The Elephant Parade Land is about an hour’s drive north of the city. I have to say this has to be one of my favourite ‘things-to-do’ in Chiang Mai! There are no real elephants in this place, only colourful elephant statues (or dolls, or figurines).
The little miniature elephants on sale at the Elephant Parade Land.
During my visit, I was given a complete tour of the ‘land’, from walking around a garden surrounded by life-size baby elephant statues of different hues and drawings to observing the talented artists at work. I also managed to visit the ‘elephant statue’ museum and watched a video about the project. Not to forget, I dropped by the museum shop filled with small elephant dolls in bright colours and motives (like fruits, flowers, cartoons, and even country maps) for sale.
The best part of all, though, was the workshop where I got the chance to design my very own elephant figurine.

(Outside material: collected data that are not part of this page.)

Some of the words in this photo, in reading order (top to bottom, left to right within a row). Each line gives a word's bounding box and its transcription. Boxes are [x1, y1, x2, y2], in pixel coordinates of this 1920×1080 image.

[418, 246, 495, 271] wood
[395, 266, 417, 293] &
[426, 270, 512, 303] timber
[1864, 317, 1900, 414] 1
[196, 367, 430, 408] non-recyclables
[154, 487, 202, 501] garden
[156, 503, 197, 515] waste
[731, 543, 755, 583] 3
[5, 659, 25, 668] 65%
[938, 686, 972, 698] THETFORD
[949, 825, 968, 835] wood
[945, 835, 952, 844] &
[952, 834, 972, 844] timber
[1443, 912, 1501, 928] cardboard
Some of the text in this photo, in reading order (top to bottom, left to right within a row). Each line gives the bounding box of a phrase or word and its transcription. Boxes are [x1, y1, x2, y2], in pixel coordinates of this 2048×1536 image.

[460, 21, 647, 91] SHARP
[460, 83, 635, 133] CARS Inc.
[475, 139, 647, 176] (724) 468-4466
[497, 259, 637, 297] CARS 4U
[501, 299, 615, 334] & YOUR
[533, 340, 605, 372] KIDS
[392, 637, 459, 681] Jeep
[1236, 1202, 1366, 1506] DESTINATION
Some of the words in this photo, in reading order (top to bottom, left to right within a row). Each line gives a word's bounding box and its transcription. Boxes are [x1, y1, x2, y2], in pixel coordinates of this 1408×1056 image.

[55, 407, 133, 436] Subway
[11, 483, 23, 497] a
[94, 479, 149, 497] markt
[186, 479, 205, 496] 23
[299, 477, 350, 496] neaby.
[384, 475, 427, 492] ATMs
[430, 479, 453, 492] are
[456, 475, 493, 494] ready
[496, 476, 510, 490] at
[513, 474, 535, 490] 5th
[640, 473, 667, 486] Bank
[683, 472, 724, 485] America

I loved the fun experience, but of course, it is the mission behind the Elephant Parade Land that is most important — to organise conservation projects and support efforts that help protect the endangered Asian elephant.
Chiang Mai Night Markets
Now, you can’t say you are in Chiang Mai without taking part in the city’s most popular night activity: Chiang Mai Night Bazaar! The night market was just outside my hotel (the DusitD2 Hotel), in the east of the outer city walls. Because I was in the city on a Saturday, I also went to join the crowds at the ridiculously long Saturday Night Market along Wualai Street. Its sheer length was pretty amazing!
Walking the Chiang Mai street markets at night.
There’s also a Sunday Night Market (of this scale) along Rachadamneon Road on Sundays. The weekend markets offer a more local experience (with more handicraft items on sale in small makeshift stalls) than the permanent Night Bazaar. But no matter which ones you go to, night markets are simply the best way to end the night, or a trip to Chiang Mai — I went crazy on the souvenir shopping!
Chiang Mai Restaurants
Ohkajhu Organic Farm Restaurant
I had lunch at this pretty fantastic restaurant called the Ohkajhu Organic Farm Restaurant. I was impressed at how big the organic farm at the back of the restaurant is, and to know that the restaurant glorifies the concept of farm-to-table. Can’t get any fresher than that!
The cute statues at the entrance of the Ohkajhu Organic Farm Restaurant.
Ohkajhu serves a selection of meat and seafood options, pasta, burgers, and well, lots and lots of salad (dishes and as sides). My group decided to order a few things to share: two kinds of pork ribs dishes, a huge burger, the grilled sea bass, and the most delicious fruit salad served in a melon (highly recommended) for starters. And of course, a big glass coconut shake to quench my thirst! Lunch was wonderful, and I absolutely recommend this restaurant.
My Thai food spread while dining at the Goodview Village Restaurant.
Goodview Village Restaurant
For dinner, I visited one of the city’s most popular restaurants for locals, visitors and tour groups alike, the Goodview Restaurant — and it was packed to the brim! I doubt I could have gotten a seat if I didn’t make a reservation beforehand. The restaurant’s huge outdoor seating area is divided into several sections and is surrounded by twinkling lights, water features and fountains.
They also had a live band playing that night. The huge spread of Thai food was delicious — I particularly enjoyed the deep-fried fish and that massive bowl of tom yum goong.
Chiang Mai city at night
I had a great time in Chiang Mai visiting the temple, painting tiny elephant sculptures for a good cause, and of course, shopping and eating! The city is lovely, its old walls are beautiful, and the people are friendly — so Chiang Mai, I am sure I will be back again!